Seketika pandangan nakal Vivian sesekali melirik ke arah meja, dimana pria itu meletakan kedua tangannya yang saling bertumpu. Terdapat cincin pernikahan di salah satu jari manisnya, menyadarkan Vivian bahwa yang ada di hadapannya ini adalah suami orang lain.
Tapi rasa ketertarikannya kepada Mr. Skinner tak dapat dibendung, di samping sifat kasar dan cercaannya ternyata Mr. Skinner benar-benar melebihi ekspektasi Vivian pasal pria beristri seperti yang selalu dibicarakan teman-temannya di grup. Bahkan lebih baik dan lebih menantang.

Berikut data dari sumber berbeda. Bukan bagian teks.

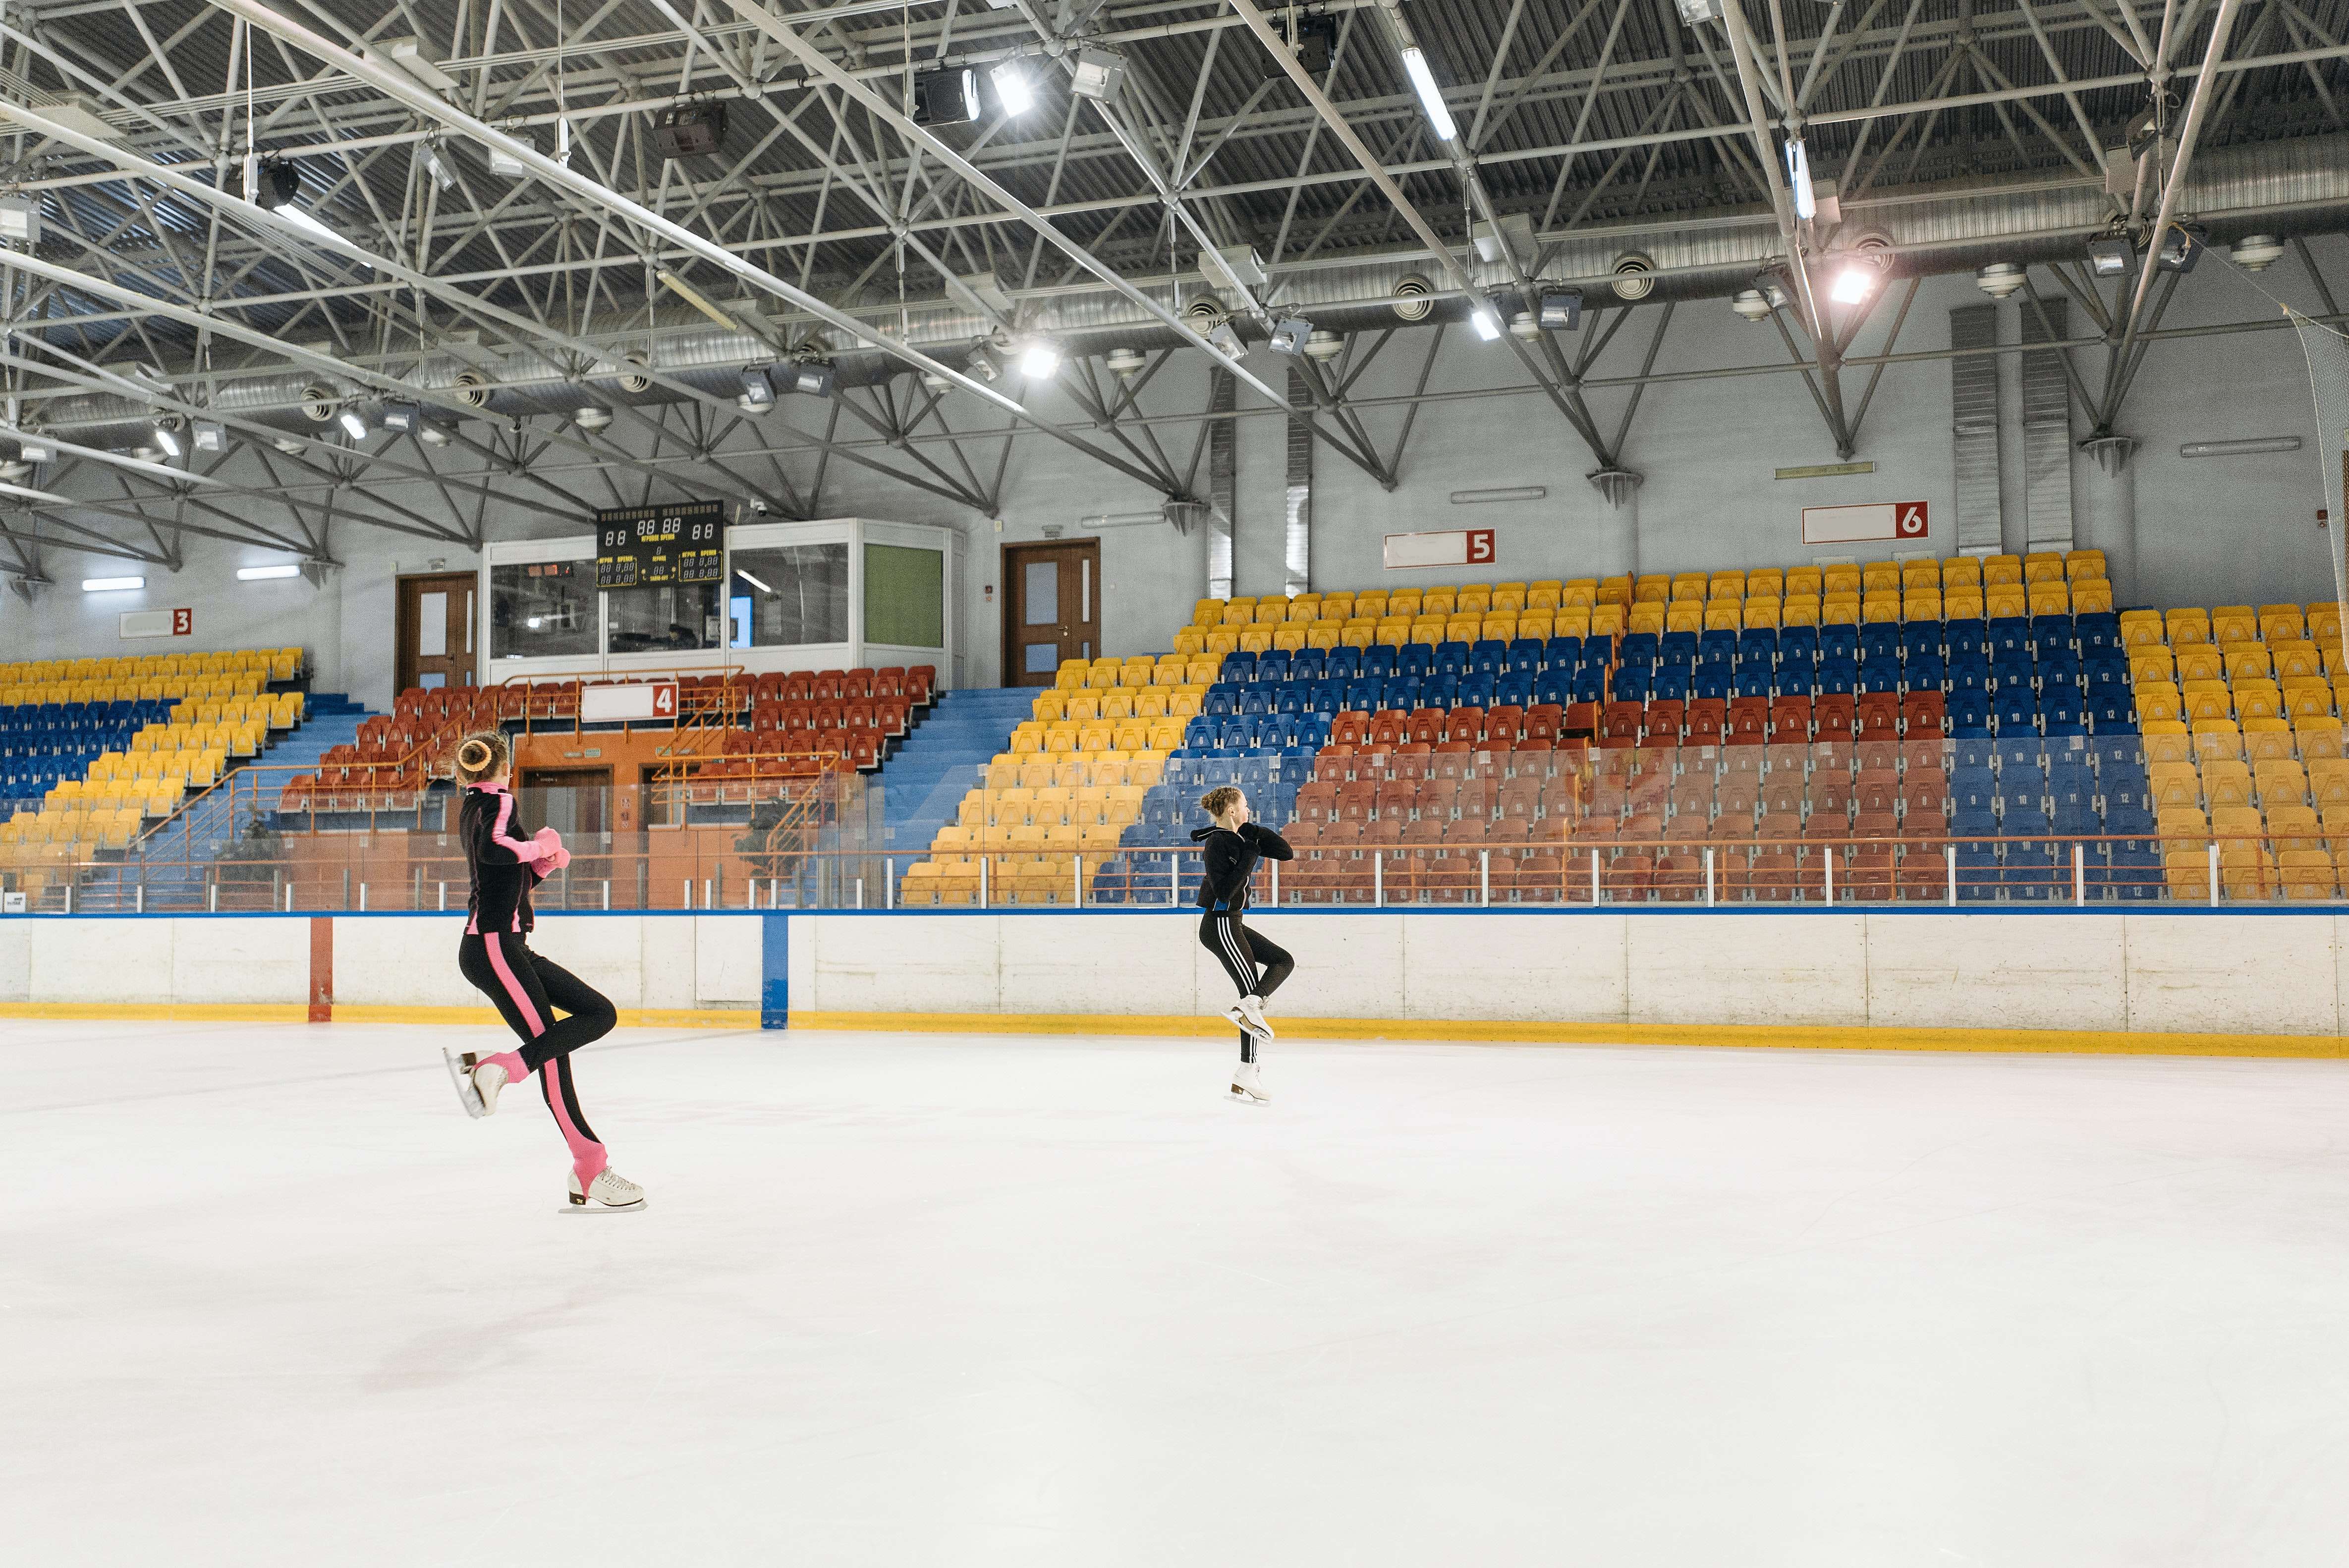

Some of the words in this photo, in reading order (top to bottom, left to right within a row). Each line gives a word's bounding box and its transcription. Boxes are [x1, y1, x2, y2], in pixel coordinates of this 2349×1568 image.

[1903, 506, 1922, 533] 6
[1474, 534, 1490, 559] 5
[177, 611, 189, 632] 3
[657, 688, 671, 713] 4
[1662, 723, 1666, 731] 2
[1878, 718, 1881, 726] 7
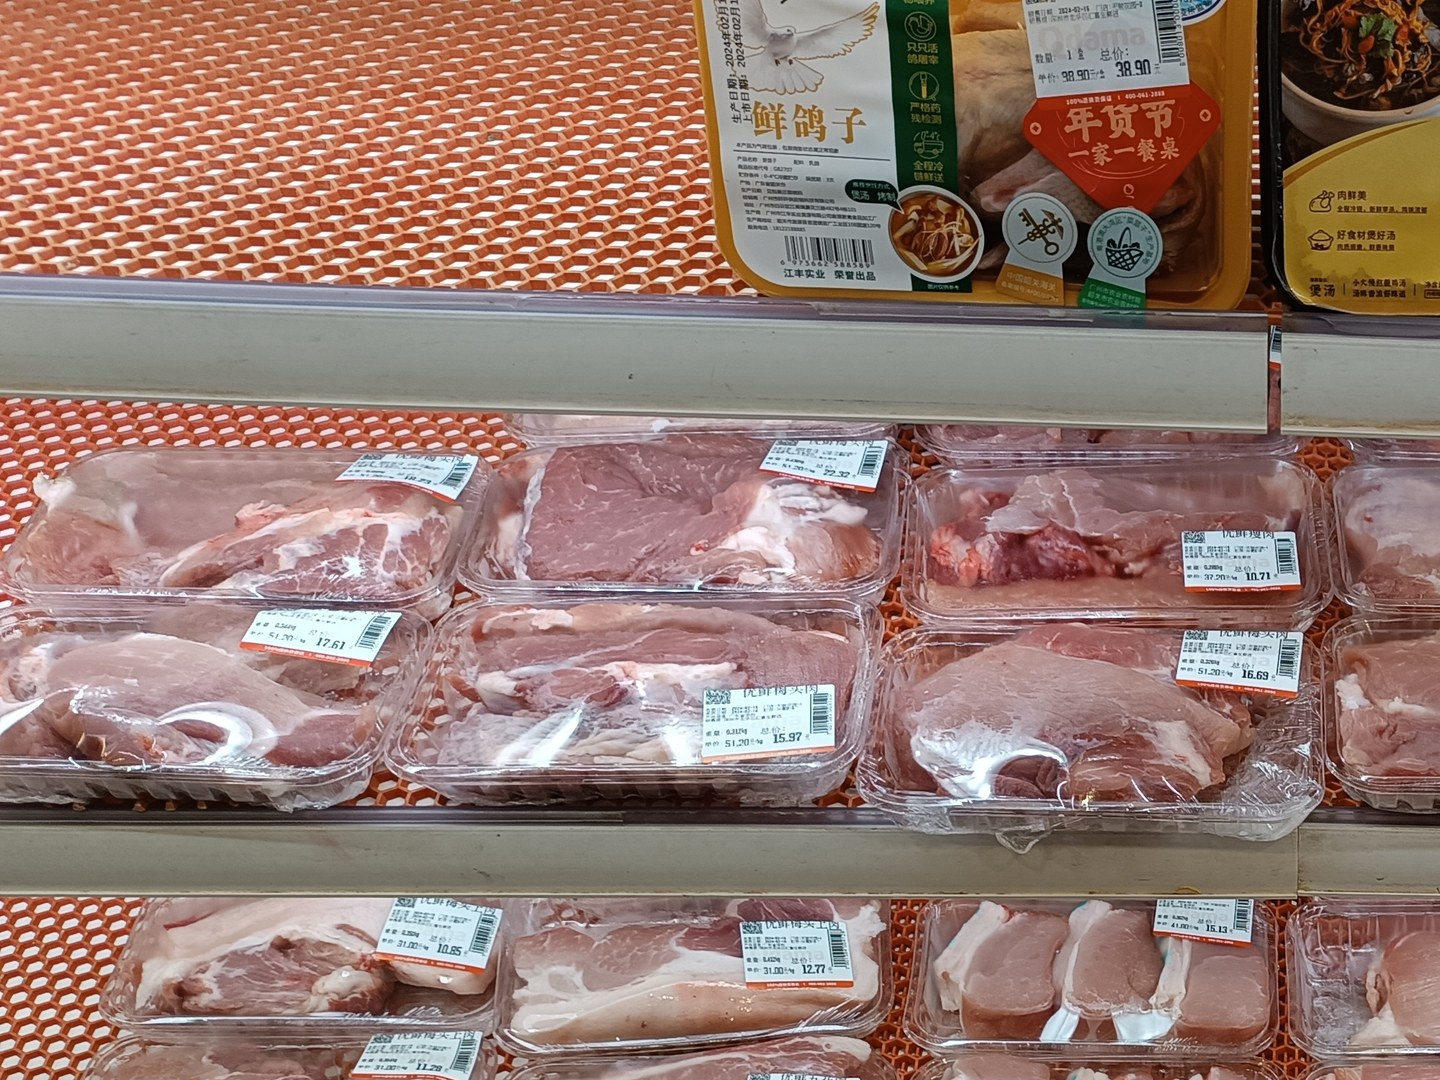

Andai saja Vivian mampu bersanding dengan pria itu walau hanya di belakang layar, Vivian terlalu banyak berangan. Sampai tak sadar jika ia telah menggigit bibir bawahnya sendiri.
"Kau mau pergi?" Ujar Mr. Skinner.
"Hah, kemana?"
"Kemanapun." Jawabnya singkat, entahlah. Ingin sekali ia menerima tawaran Mr. Skinner, tapi menyadari ia hanya mengenakan kaos dan celana pendek di dalam coatnya, Vivian nampak berpikir keras.